America's Worst Mother™--stolen!

TBogg usually covers the bi-weekly installments of this publication, but since it appears that he's getting tired of it, I'm going to try my hand at reviewing it this week.

If you're unfamiliar with America's Worst Mother™, she earned that lofty title (from TBogg) by writing the most horrifying stories about her daily life with her children. (And if you're wondering about all the adjectives, I made the mistake of reading her column before writing my own. Dear god, it seems to be contagious.)

This week, Mummy starts out by yawning a lot. (She must have read some of her earlier stuff to get in the writing mood. Rumor has it that one more article would have sent her into a coma.) Then she and Daddy have a conversation about a sick relative in--GASP!--Europe and their lame attempt at informing the children by telling them that she has "stomach trouble". Surely,  it will be a surprising development to Mummy when the relative dies of "stomach trouble" and the kids freak out the next time she tells them she has a stomach ache. (Although, they will have to decipher her ailment from how she describes it--a "boo-boo tum-tum".)

Then the kids start a guessing game about what the Dear Relative could have swallowed to give her "stomach troubles". Thankfully, they must have already forgotten all the things their parents told them about the evil Bill Clinton and Monica Lewinsky.

Paris, the eldest boy child, gets grossed out when frogs are brought up and makes fun of French people for eating them--and snails. This fish in the barrel is the one TBogg shot and framed above his mantle.

Apparently, the mere mention of eating snails is so disgusting to Mummy that she cannot even finish drinking her OJ. You'd think with three young children--at least one of whom is a boy (it's hard to tell from the names)--that Mummy would have a stronger stomach.
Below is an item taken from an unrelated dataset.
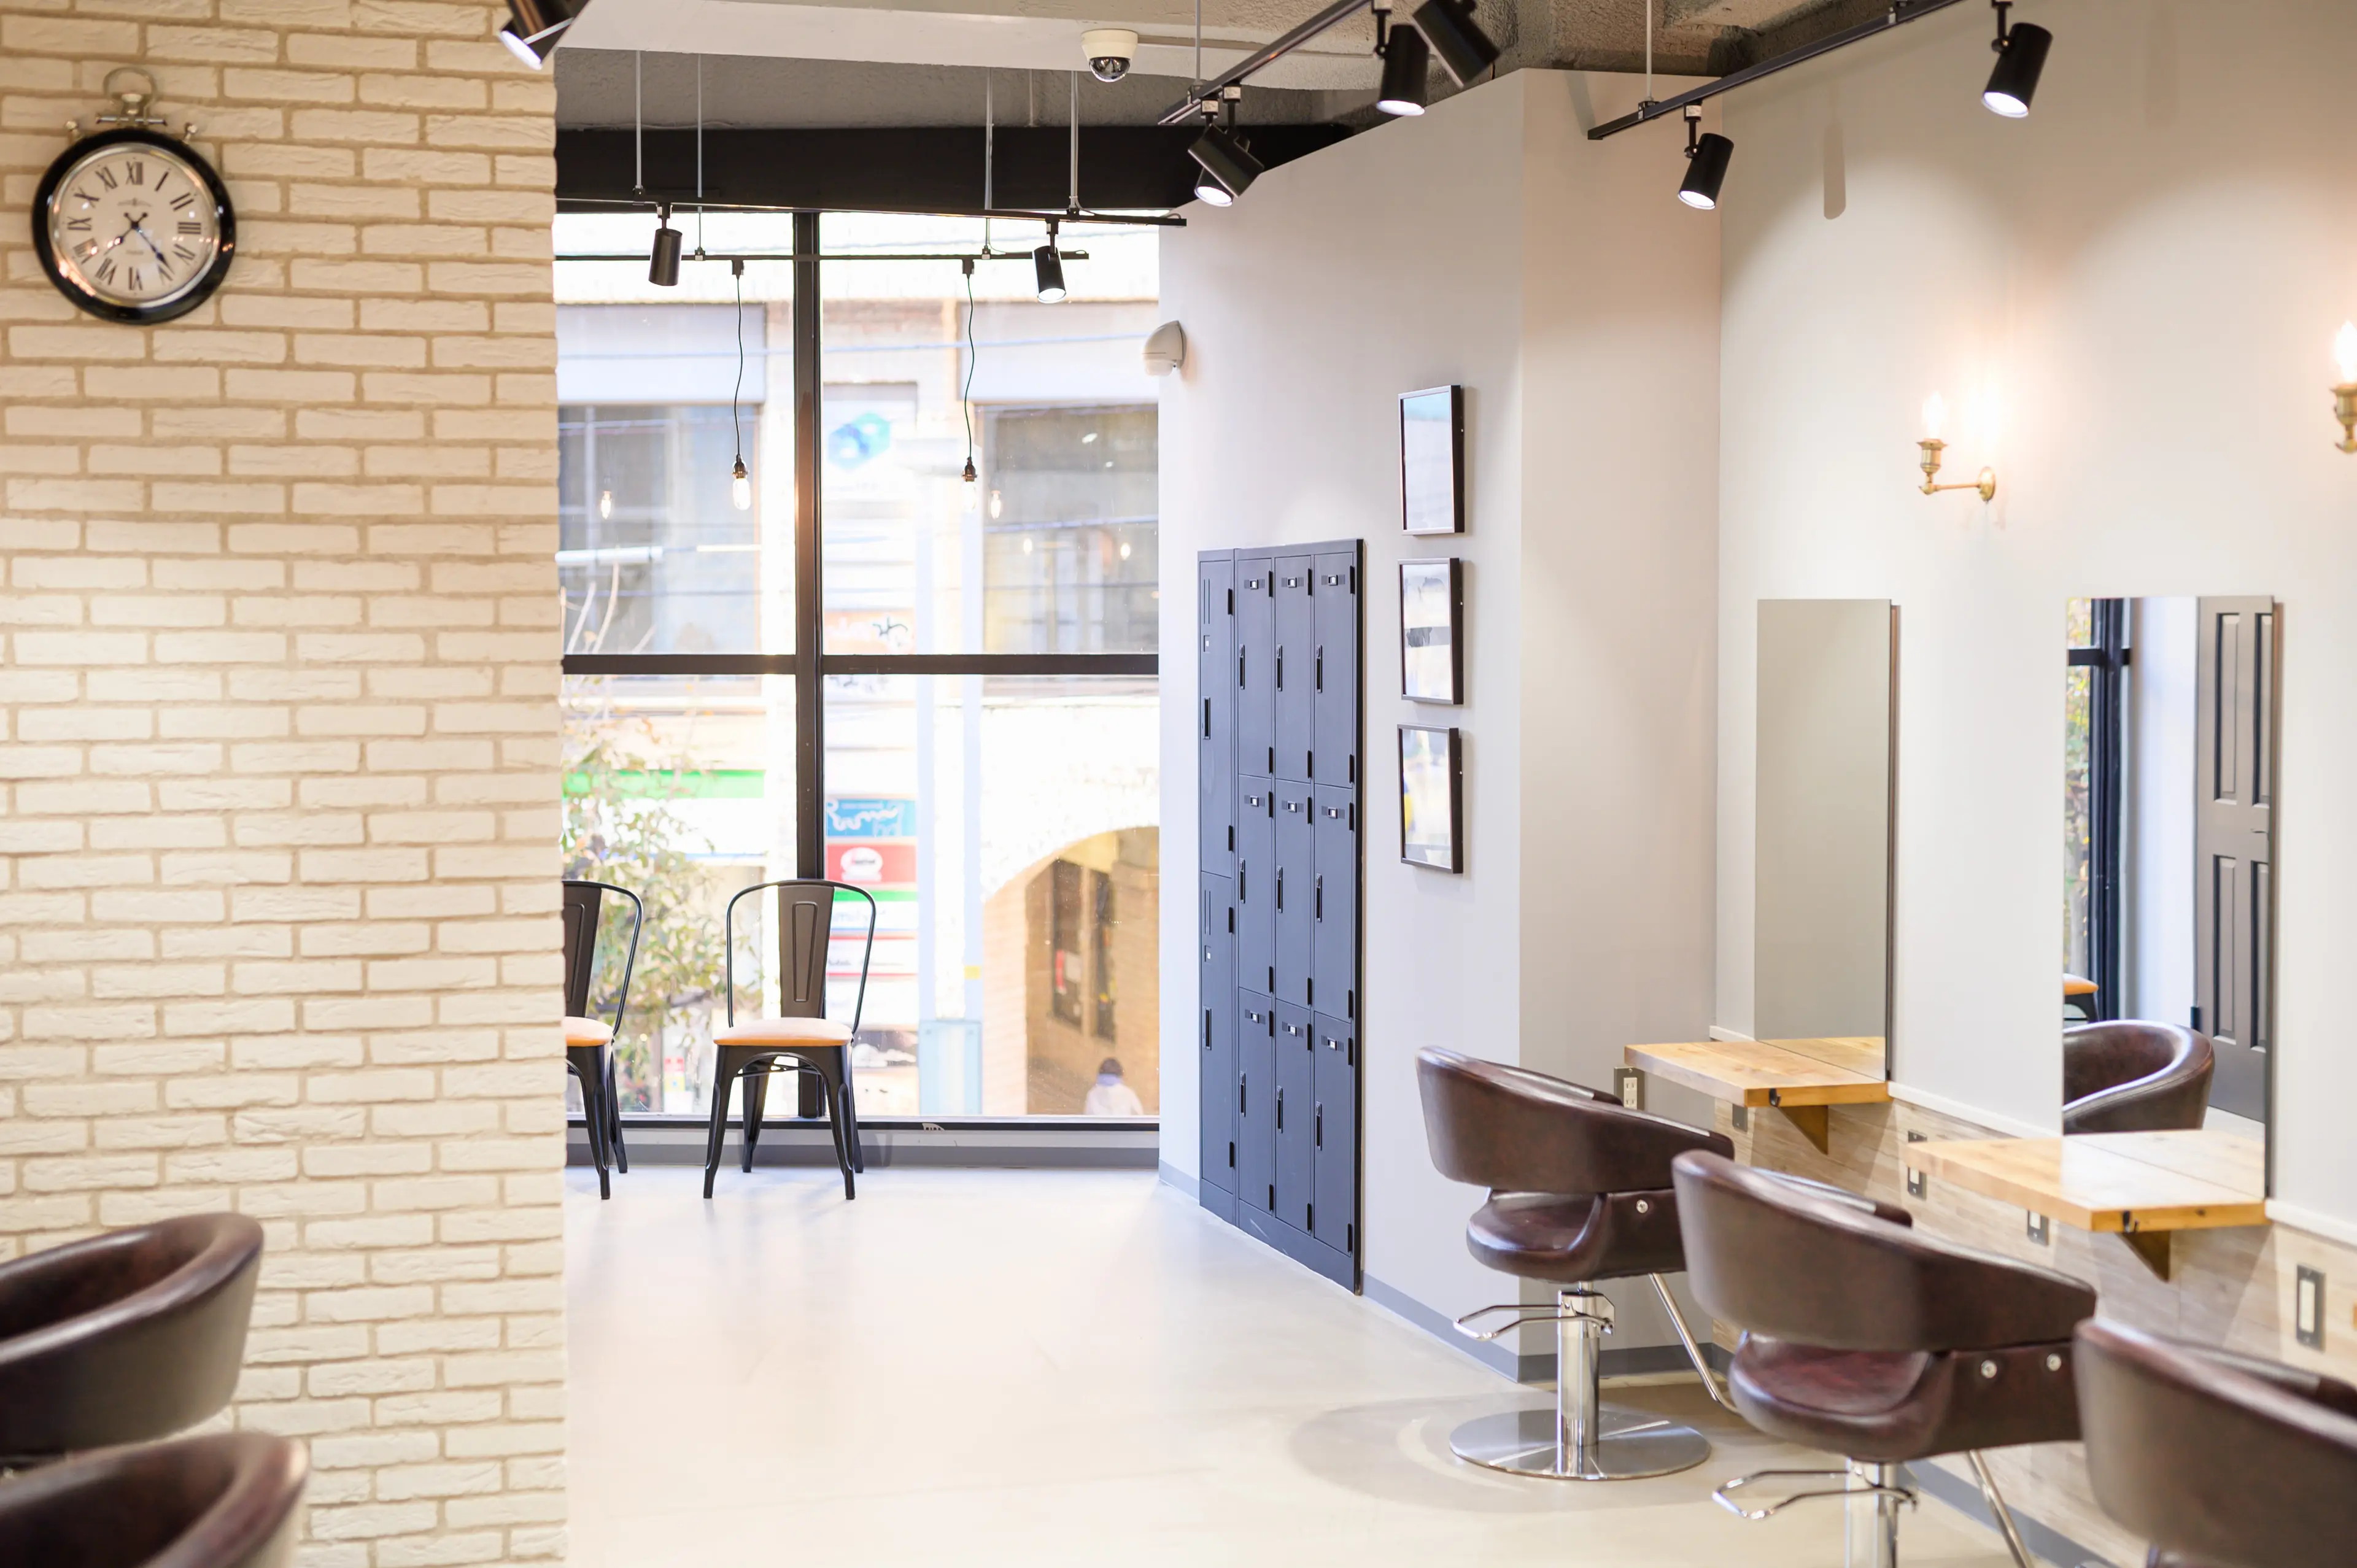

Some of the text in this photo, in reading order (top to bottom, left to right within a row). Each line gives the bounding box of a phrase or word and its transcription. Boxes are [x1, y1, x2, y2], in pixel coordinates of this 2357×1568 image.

The word "disapora" is then used to describe cleaning the kitchen. I looked up that word using the Miriam-Webster Online dictionary, but they could not find a definition for that word. I chose the next closest word, by spelling, which was "diaspora" and got the following definition:

a : the breaking up and scattering of a people : MIGRATION <the black diaspora to northern cities> b : people settled far from their ancestral homelands <African diaspora> c : the place where these people live

I'm not really sure what Mummy means by this, but at least the table got clean. I think Mummy really needs to finish her OJ, since that's where she put the ground-up Xanax.

Then Violet, Phoebe and Paris play a pretend game with Hitler under the piano. I think Violet speaks for all of us when she says "And then I woke up."